What is a good death for a patient in the Intensive Care Unit (ICU)? The answer to that question may depend on whether you ask a family member of a patient or the physician, who are not necessarily aligned.

That discrepancy, as well as other hurdles to important end-of-life conversations, results in frustration and confusion for families and moral distress for the clinicians, according to a new Northwestern Medicine study published recently in Critical Care Medicine.

Approximately 20-30% of people who die in the U.S., die in the ICU, according to previous research. Nearly 60% of ICU admissions result in death. Wide discrepancies have been documented between a patient’s stated preferences and the end-of-life care actually delivered.

The findings of the study fill a critical knowledge gap regarding why the ICU end-of-life delivery system is lacking from the perspective of frontline ICU clinicians. The study surveyed 27 ICU clinicians from three Northwestern Medicine hospitals.

The study found several barriers to end-of-life care:

Relying on palliative care physicians for end-of-life conversations

“Because many physicians in the ICU feel uncomfortable with end-of-life discussions, many of them will call the palliative care physicians instead of initiating it them themselves,” said lead study author Dr. Lauren Janczewski, a researcher in quality and outcomes at Northwestern University Feinberg School of Medicine and a general surgery resident at McGaw Medical Center of Northwestern University. “That leads to more confusion on the patient and family side and delays those conversations.”

Absence of standardized procedure for end-of-life care delivery

“End-of-life care discussions varied greatly depending on the clinician leading the conversation,” Janczewski said. “There is not a lot of training in how to communicate at the end of life. It’s also a highly variable skill, where some doctors are better than others. There is no standardized process for end-of-life care delivery. We need one.”

Delayed family meetings on end-of-life care until prognosis is poor

One of the bigger barriers is deciding when to have a family meeting at end of life, the study reports.

As one ICU nurse responded in the survey: “We don’t often get to the point of having family meetings until it’s obvious that the patient’s prognosis is very poor. And we’re delayed in relaying that to family members and admitting that to ourselves.

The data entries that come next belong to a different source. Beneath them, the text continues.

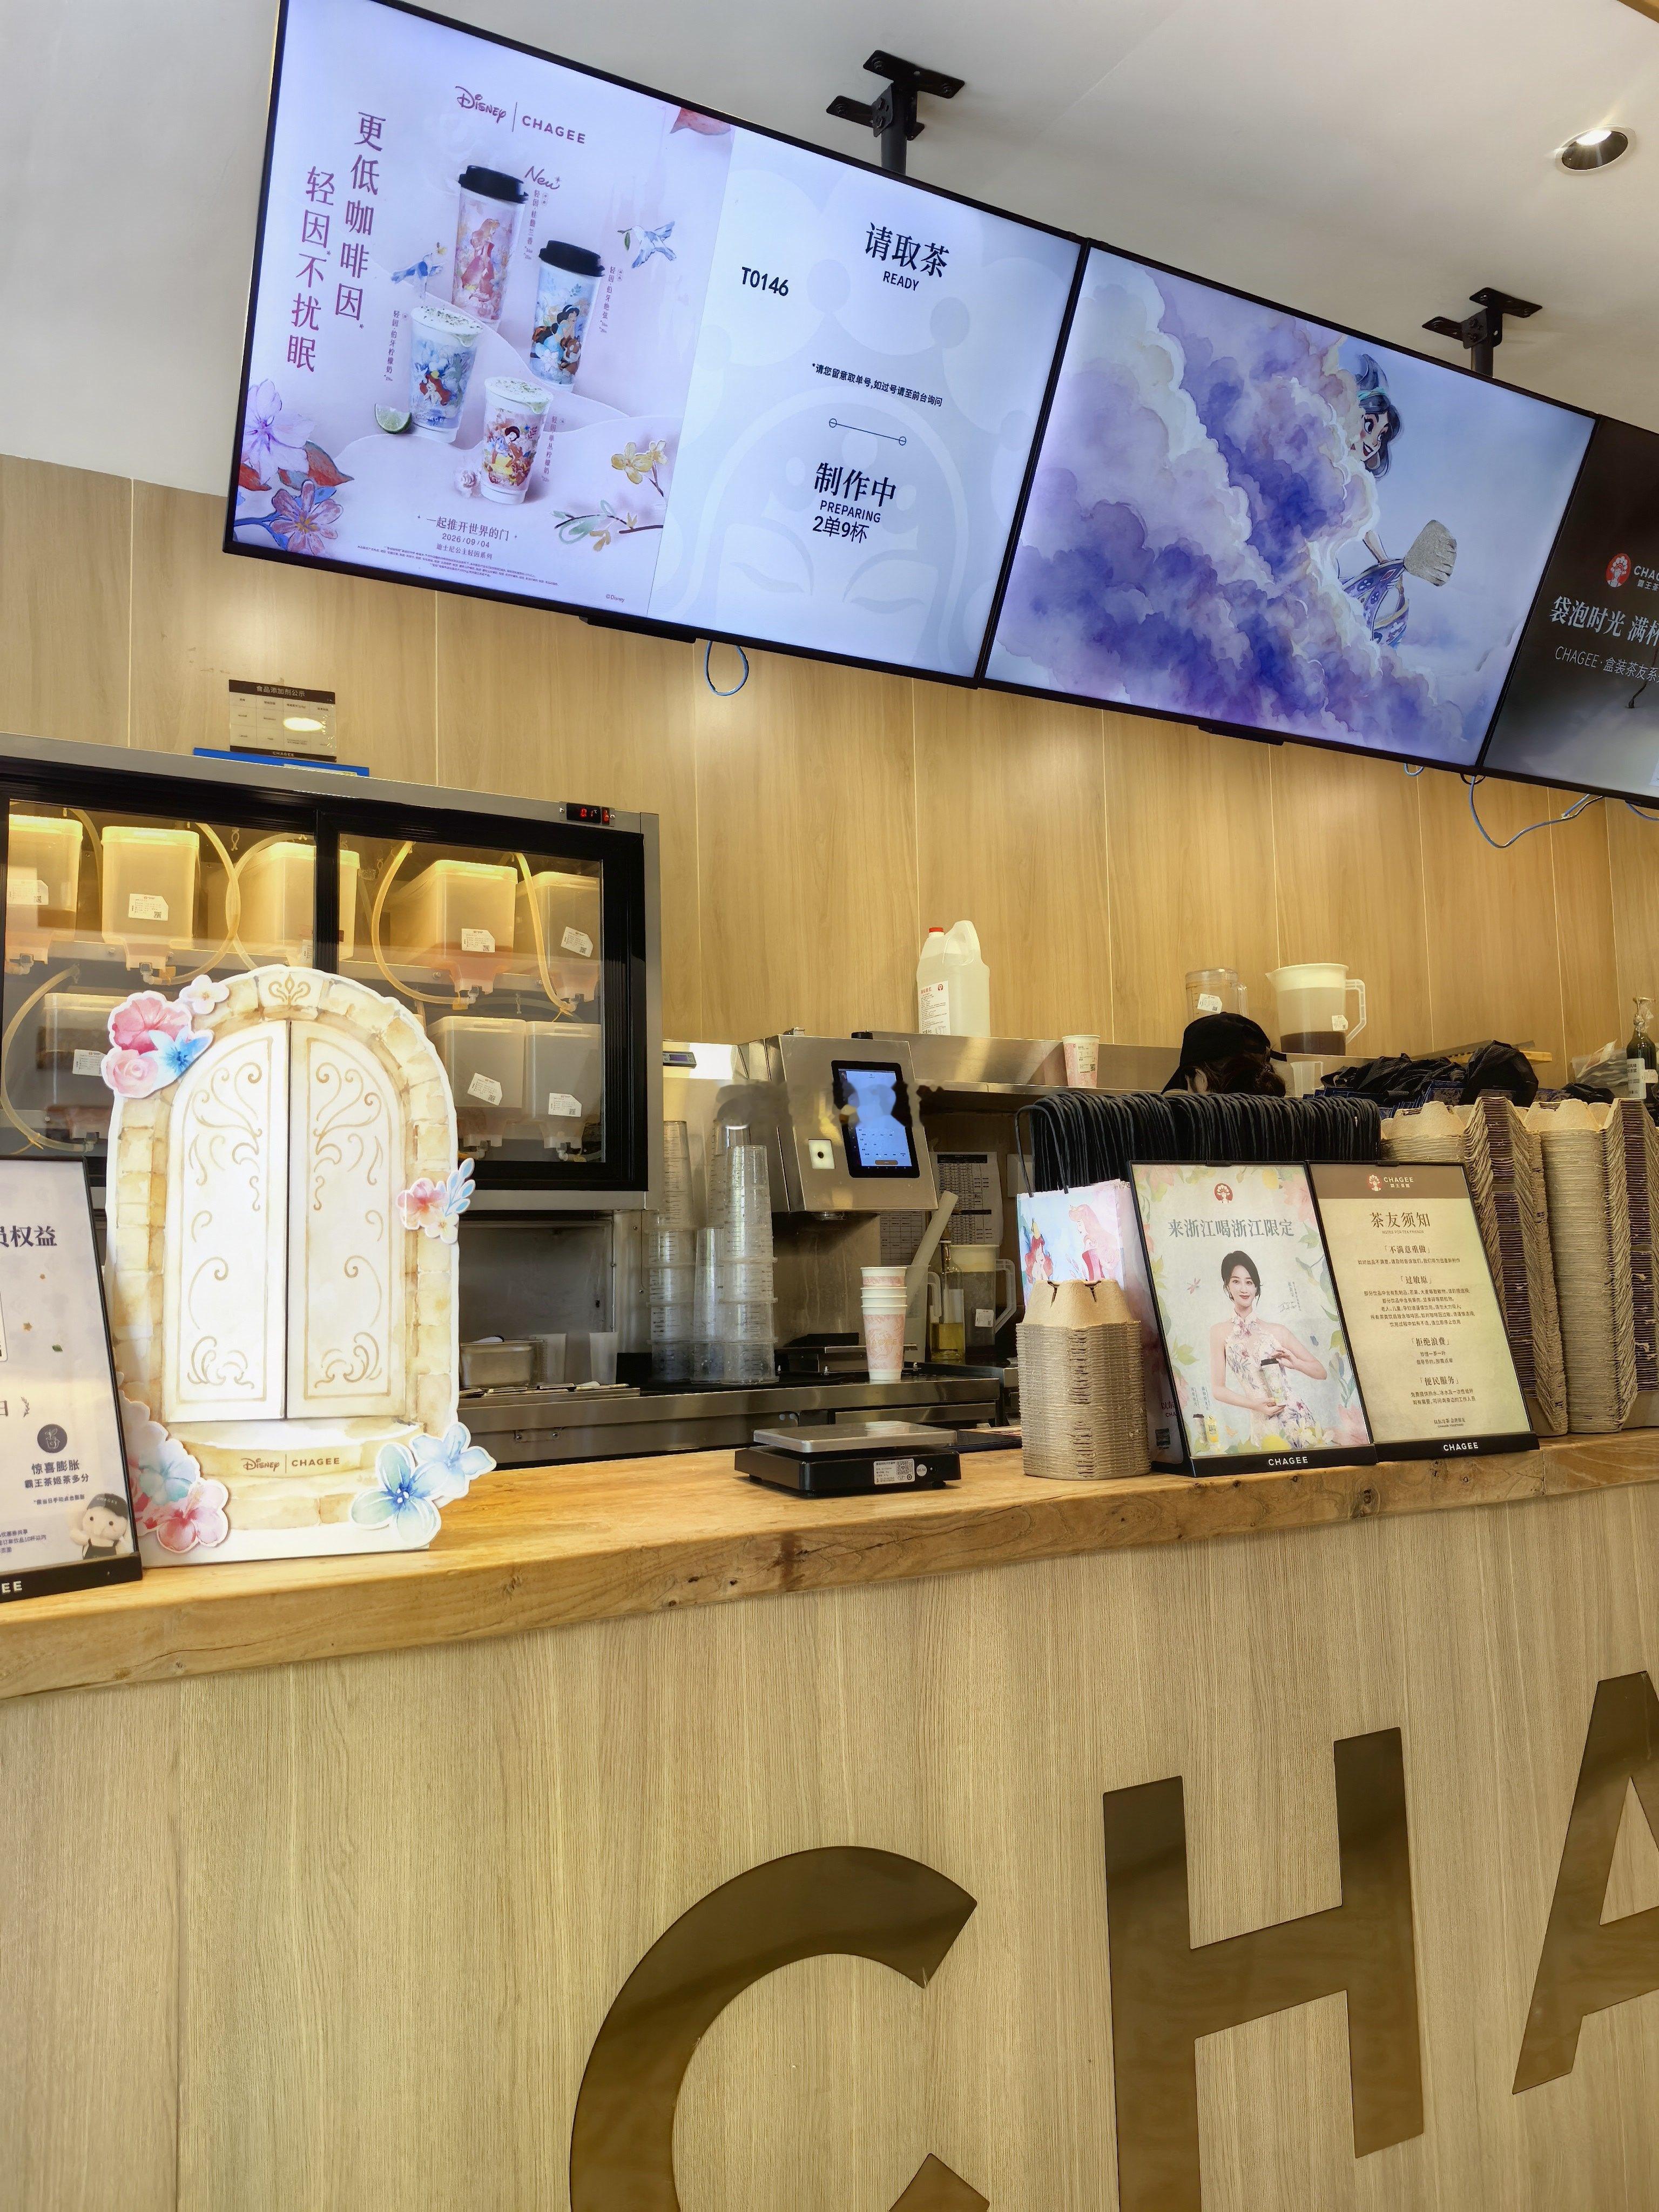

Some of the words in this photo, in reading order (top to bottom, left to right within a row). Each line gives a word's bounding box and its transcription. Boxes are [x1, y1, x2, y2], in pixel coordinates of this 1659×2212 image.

[455, 86, 506, 123] Disney
[522, 116, 585, 144] CHAGEE
[524, 166, 559, 190] New
[865, 222, 949, 278] 请取茶
[741, 266, 789, 296] T0146
[883, 271, 919, 292] READY
[814, 462, 896, 508] 制作中
[820, 499, 881, 523] PREPARING
[426, 516, 509, 541] 一起推开世界的门
[812, 515, 869, 544] 2单9杯
[442, 533, 490, 548] 2026/09/04
[436, 543, 493, 560] 迪士尼公主轻因系列
[1549, 595, 1627, 637] 袋泡时光
[256, 685, 305, 697] 食品添加剂公示
[1168, 1218, 1294, 1238] 来浙江喝浙江限定
[1370, 1212, 1431, 1228] 茶友须知
[1443, 1442, 1479, 1451] CHAGEE
[31, 1459, 80, 1475] 惊喜膨胀
[241, 1458, 280, 1472] Disney
[292, 1458, 340, 1467] CHAGEE
[1268, 1456, 1309, 1467] CHAGEE
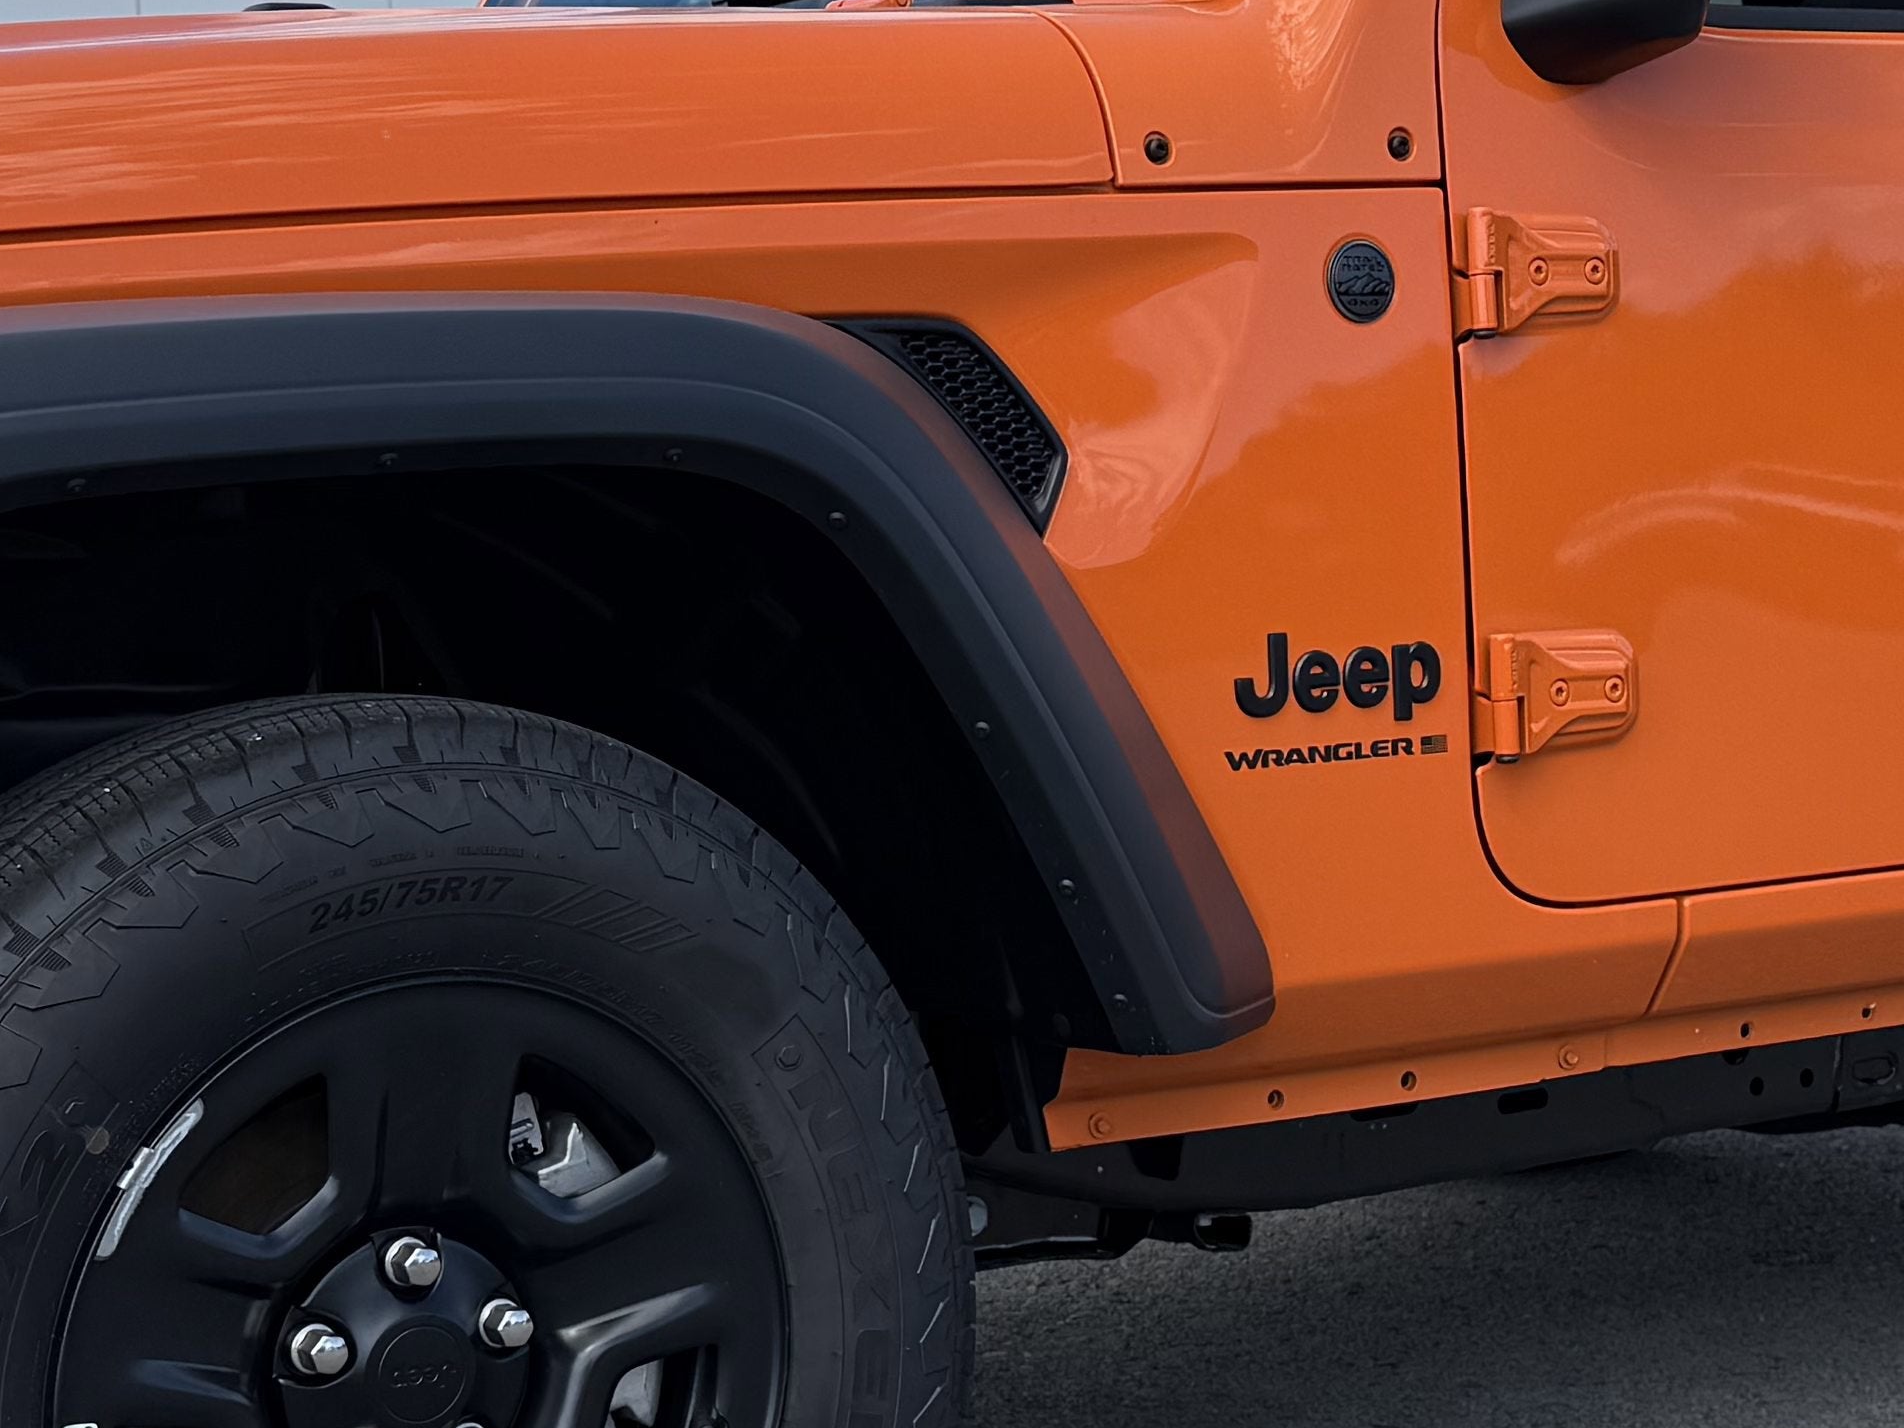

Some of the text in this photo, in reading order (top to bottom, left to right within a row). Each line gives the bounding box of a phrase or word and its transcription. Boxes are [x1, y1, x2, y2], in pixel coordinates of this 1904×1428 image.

“Having these conversations earlier is beneficial to a patient and their family members. You have more time to discuss the patient’s status and ask about questions for medical care. This gives the patient and family more peace with the situation.”

Clinician moral distress

Clinicians experienced moral distress when they provided non-beneficial care. But when standardized end-of-life care discussions were incorporated in the work system, they reduced patient and family suffering, as well as clinician moral distress.

Other Northwestern authors include Adithya Chandrasekaran, Egide Abahuje, Dr. Bona Ko, John D. Slocum, Kaithlyn Tesorero, My L. T. Nguyen, Dr. Sohae Yang, Dr. Erin A. Strong, Dr. Kunjan Bhakta, Dr. Jeffrey P. Huml, Dr. Jacqueline M. Kruser, Dr. Julie K. Johnson and Dr. Anne M. Stey.